Reformatting Dualism.

I don’t care for the promise of a final agreement in a conversation. And so the first words of my response to Appiah’s final sentence of the third chapter in Cosmopolitanism are thrown down. Utter hokum I say. Positivist or what have you; I regularly involve the people around me in conversation solely based on their geographical specificity of happening to be sitting next to me in a bookstore. I look for nothing more. Regardless of any agreement or covenant from their response alone I learn something of that person. Perhaps I have only learned never to talk to you in a bookstore again. Then I have simultaneously learned and unlearn something of the Dao.

That being said I did appreciate the types and classes of fundamentals that Positivism supposes drive humans’ actions. “Beliefs–the first kind-–are supposed to reflect how the world is. Desires, by contrast, reflect how we’d liked it to be.” (Appiah, p. 18) I love that philosophers and psychologists from across time and culture utilize binary relationships for the description of the indescribable. The Conscience and the Unconscious against the Belief and the Desire. Now Yin and Yang are in the ring! It is like some highly touted tag team professional wrestling match. I’m sure Burton would have wanted to attend if not personally fight in the match.

Lao Tzu is credited with the same sort of dualistic expression from Jonathan Star’s translation of Tao Te Ching. Although the relationships move beyond binary, or rather they become interconnected multiple couplets of binary verse:

The crooked become straight
The empty become full
The worn become new
Have little gain much
Have much and be confused
Verse 22

Here the translator is creating and releasing tension. The binary states’ of objects are another common theme. Again:

Eyes look but cannot see it
Ears listen but cannot hear it
Hands grasp but cannot touch it
Beyond the sense lies the great Unity–
Invisible, inaudible, intangible
Verse 14

The final division of “sense” and “Unity” is founded–literally settled on top of–a reiteration of the senses’ etymological incapacities for comprehending Dao. The line is absolutely lovely in both content and structure. Star seems dazzled with the synecdoche that his translation has to offer. I enjoy it, too.

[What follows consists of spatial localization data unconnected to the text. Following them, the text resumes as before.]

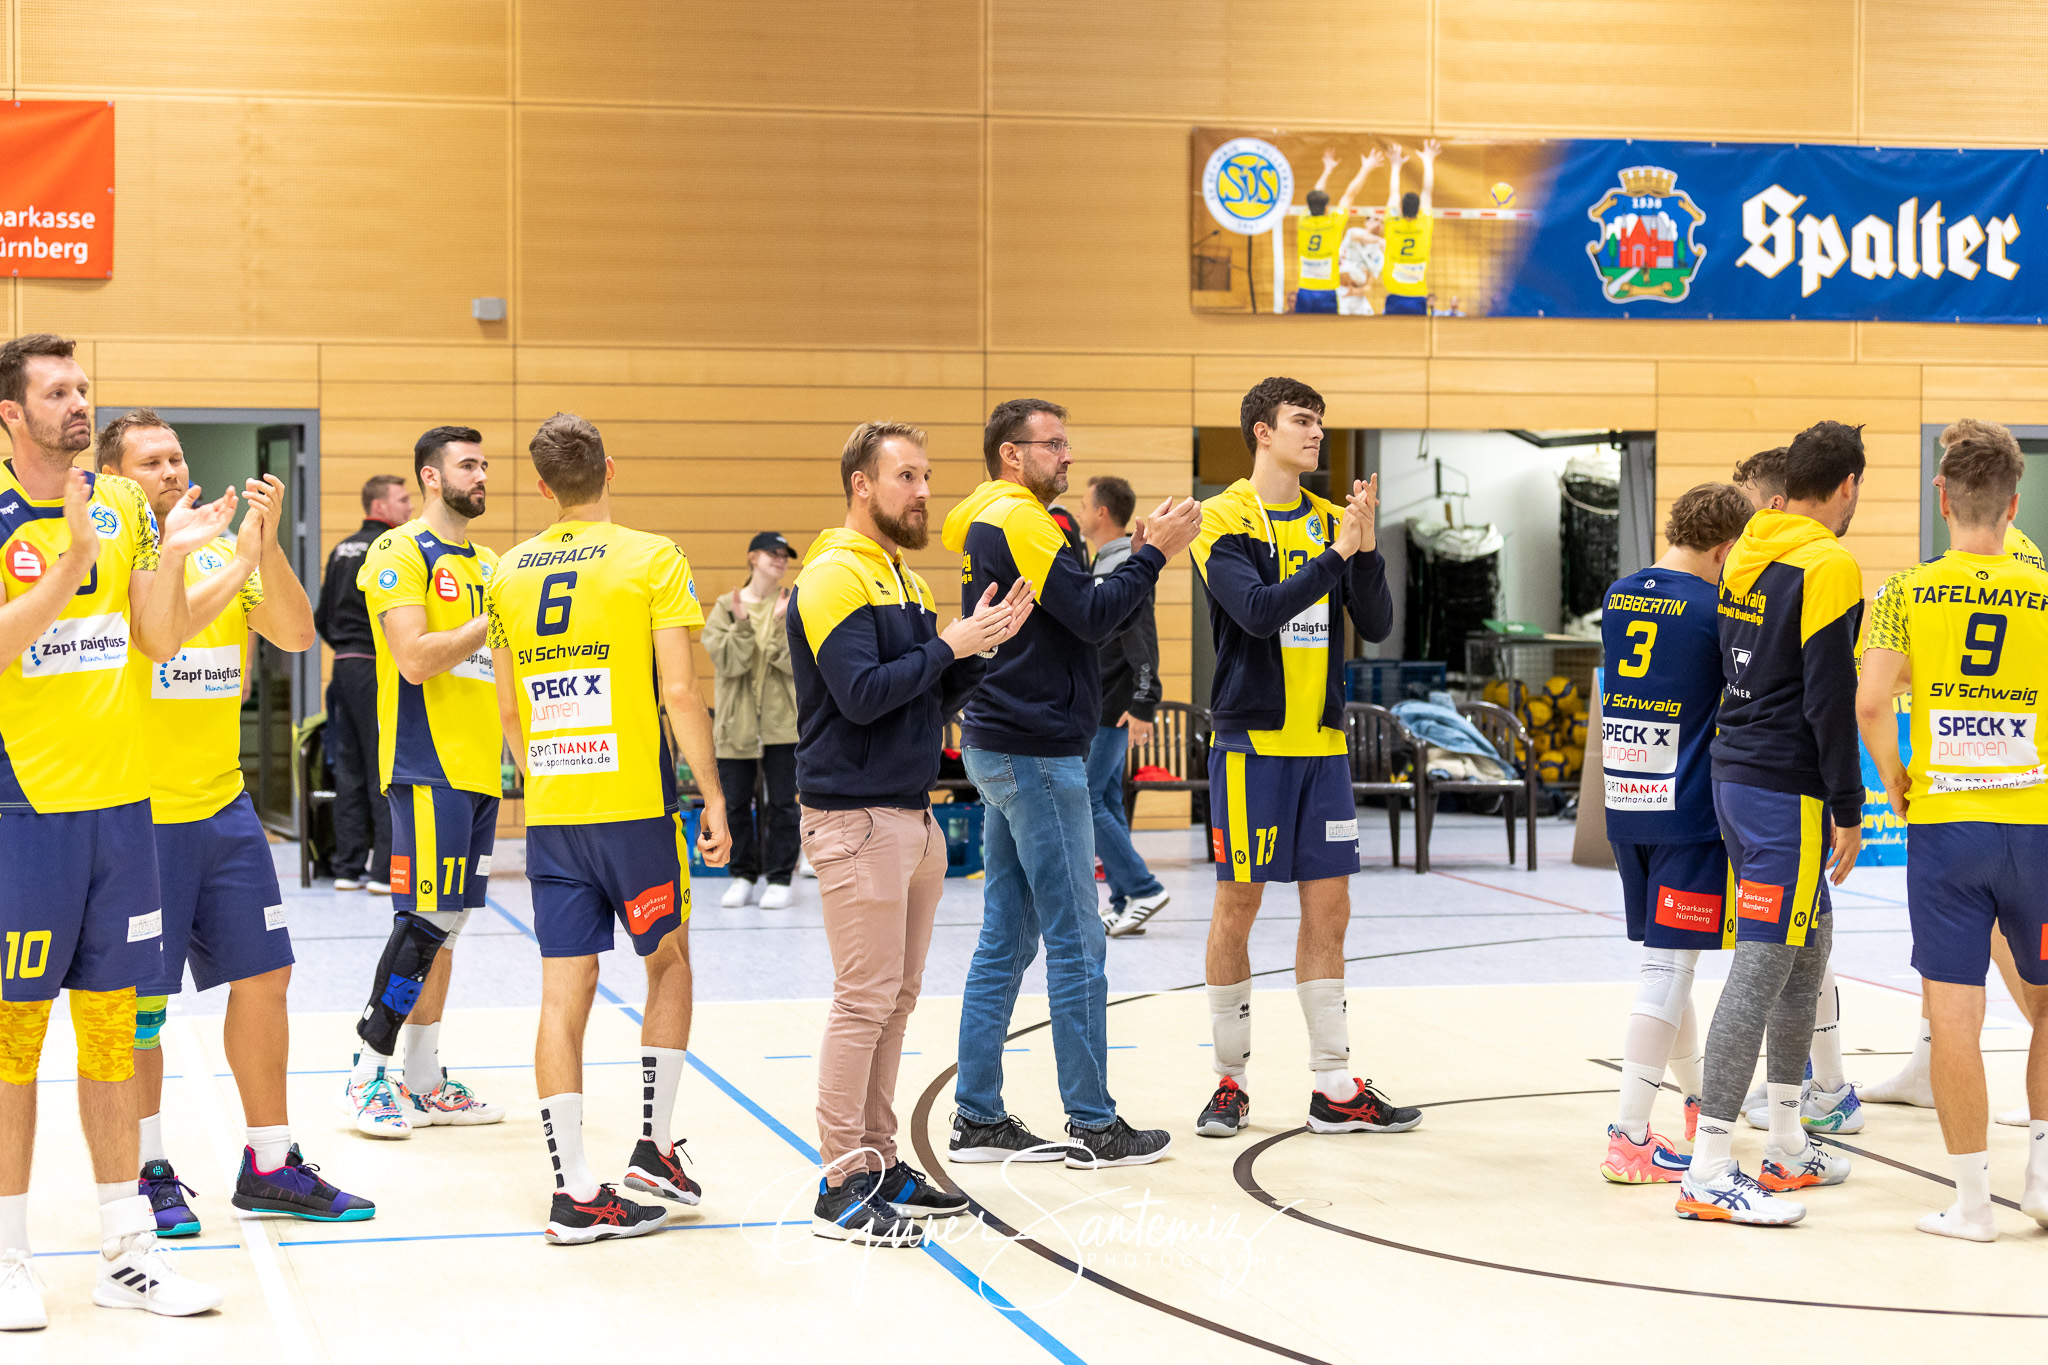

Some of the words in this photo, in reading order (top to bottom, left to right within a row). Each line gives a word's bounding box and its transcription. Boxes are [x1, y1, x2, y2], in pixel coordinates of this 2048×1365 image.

[1400, 239, 1415, 256] 2
[1735, 184, 2021, 298] Spalter
[517, 544, 608, 569] BIBRACK
[536, 571, 577, 636] 6
[1608, 594, 1687, 615] DOBBERTIN
[42, 640, 77, 656] Zapf
[80, 636, 126, 652] Daigfuss
[518, 649, 532, 665] SV
[535, 641, 610, 661] Schwaig
[1618, 620, 1658, 678] 3
[1960, 612, 2007, 676] 9
[173, 668, 202, 683] Zapf
[531, 676, 578, 701] PECK
[1930, 683, 1955, 697] SV
[1959, 684, 2038, 706] Schwaig
[1612, 695, 1682, 717] Schwaig
[1938, 716, 2005, 736] SPECK
[1938, 741, 2008, 760] pumpen
[1256, 826, 1278, 866] 13
[443, 857, 466, 895] 11
[1677, 902, 1713, 914] Sparkasse
[1742, 901, 1769, 913] Nürnberg
[1744, 892, 1773, 903] Sparkasse
[1676, 912, 1710, 923] Nürnberg
[5, 930, 52, 980] 10
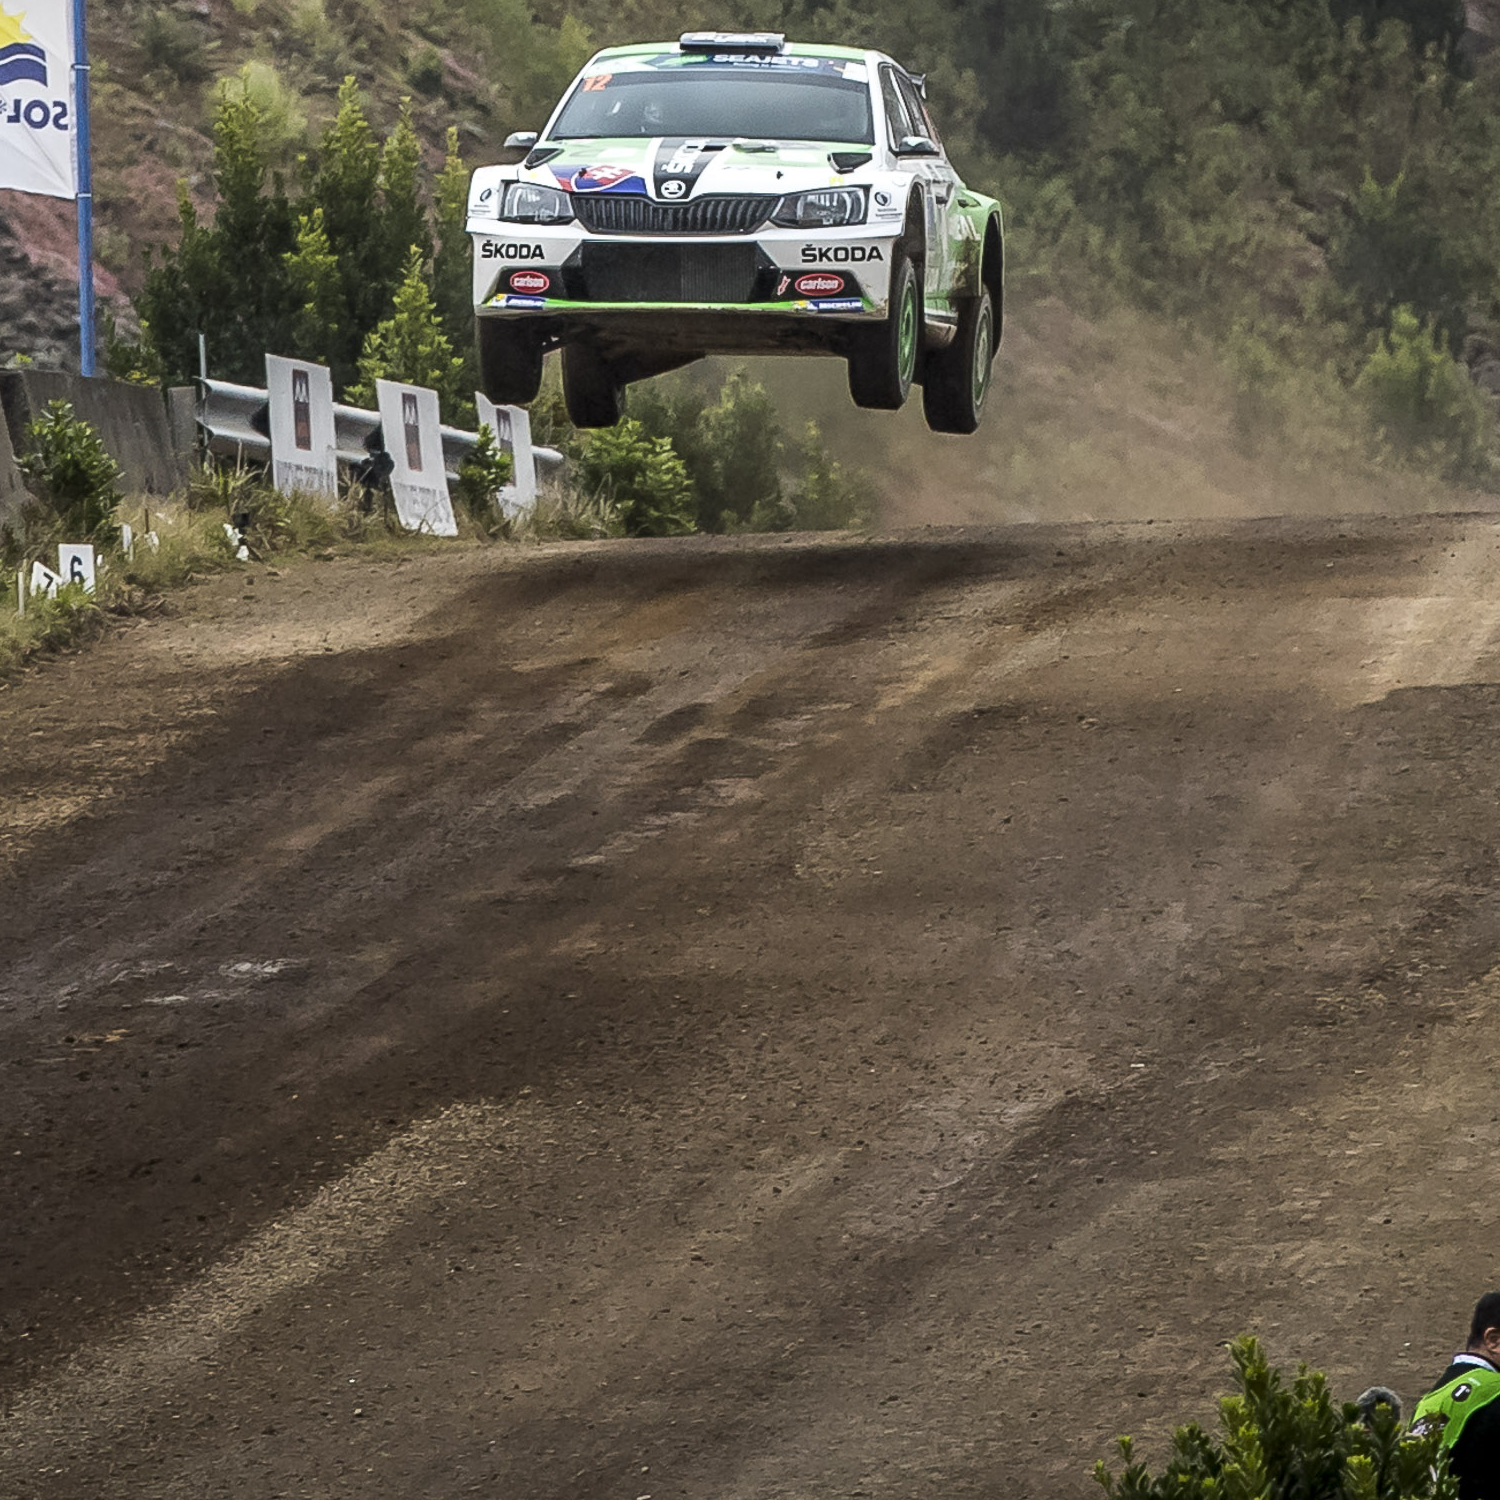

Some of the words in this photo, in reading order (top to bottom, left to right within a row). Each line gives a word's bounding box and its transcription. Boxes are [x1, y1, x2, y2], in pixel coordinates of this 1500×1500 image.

[583, 74, 613, 92] 12
[481, 240, 545, 260] ŠKODA
[801, 244, 884, 263] ŠKODA
[800, 277, 839, 290] carlson
[70, 555, 83, 583] 6
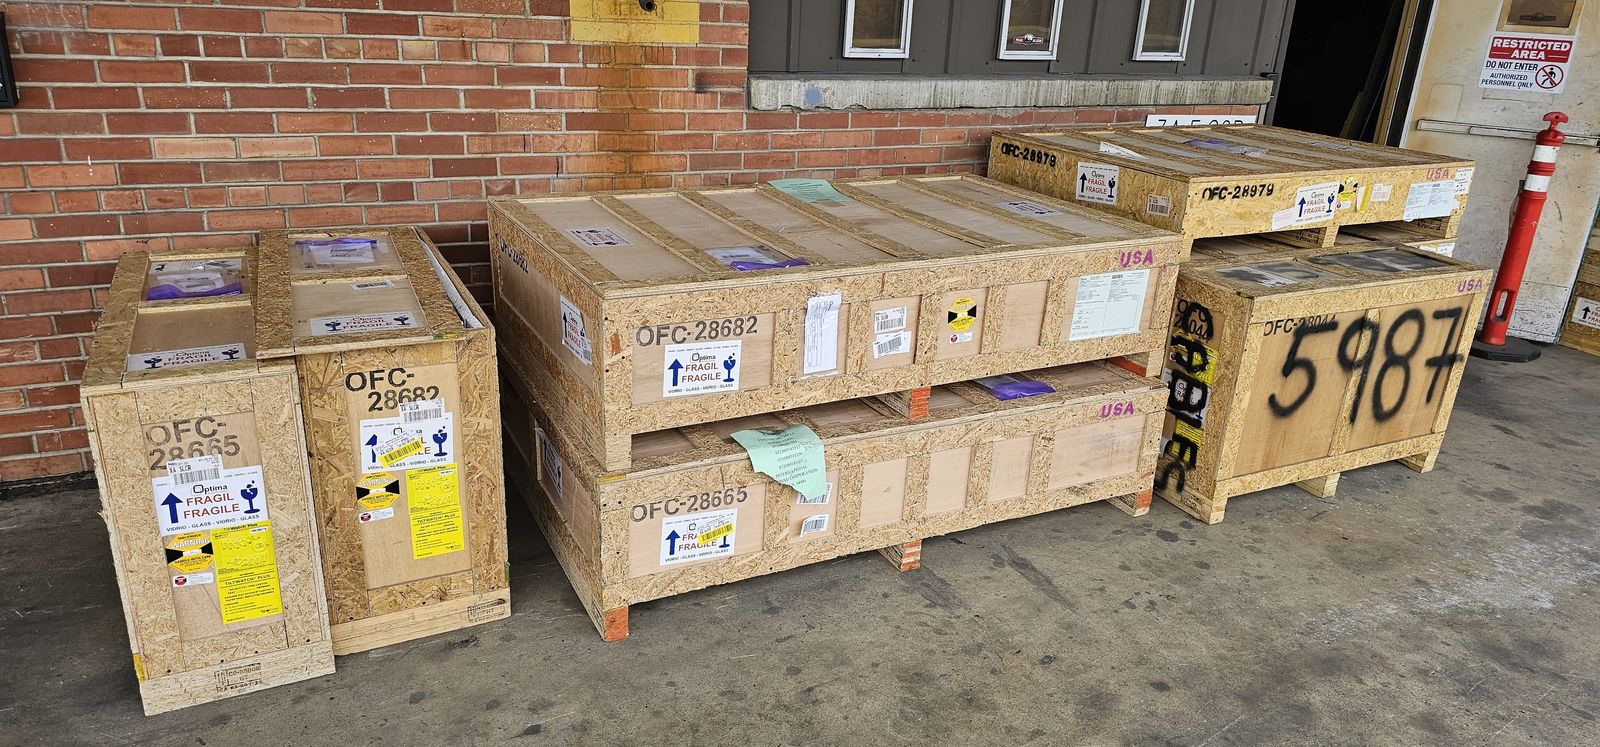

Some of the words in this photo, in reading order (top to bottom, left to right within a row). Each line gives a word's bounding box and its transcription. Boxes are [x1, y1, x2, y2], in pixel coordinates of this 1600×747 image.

Appiah does discuss a duality with the semi-autobiographical chapter that includes witchcraft and his Ghana culture. There exists a separate world of power and effect with which his kinfolk adhere. A dichotomy is created with the witch and the victim, and it is repeated with those who do believe in witchcraft and those who do not. His point could be argued to say that although the general health and age of the Western lifespan may have increased due to our medical wonder, so has our national obesity and our inability to properly care for our elderly. It is truly valuable. This sort of insight and direction are what philosophers help us discover.

I am struggling to find meaning when meaning is seemingly ever expanding. Here Appiah grounds us like Yu Shu Lien trapping Jen Yu’s foot from the night sky in their first combative meeting. He pursues us saying that all of these are just sets of ideologies that help us deal with the commonalities of life. All of these collective idiosyncratic gestures are related to the day-to-day.

Or perhaps a quip from American folklorist Utah Philips quoting a local from his hometown, “No matter how “New Age” you get, old age is gonna kick your ass.” (Philips, 1996)

Sources:

Appiah, Kwame Anthony. Cosmopolitanism: Ethics in a World of Strangers. (W.W. Norton, NYC, 2007)

Lao Tzu. Tao Te Ching. Trans. Jonathan Star. (New York: Penguin, 2003).

Utah Philip. The Past Didn’t Go Anyway. Righteous Babe Records. CD. October, 1996.

Comments (2)

  1. This book is very interesting. Some of the topics that were brought up in our seminar I never even saw and or thought of them in the way some our fellow students did.

    Thursday, October 9, 2008 at 5:09 am #
  2. patrick wrote::

    Yup. Professor Rose’s seminar is getting better every week, too. These weekly papers are great dressing rooms for ideas.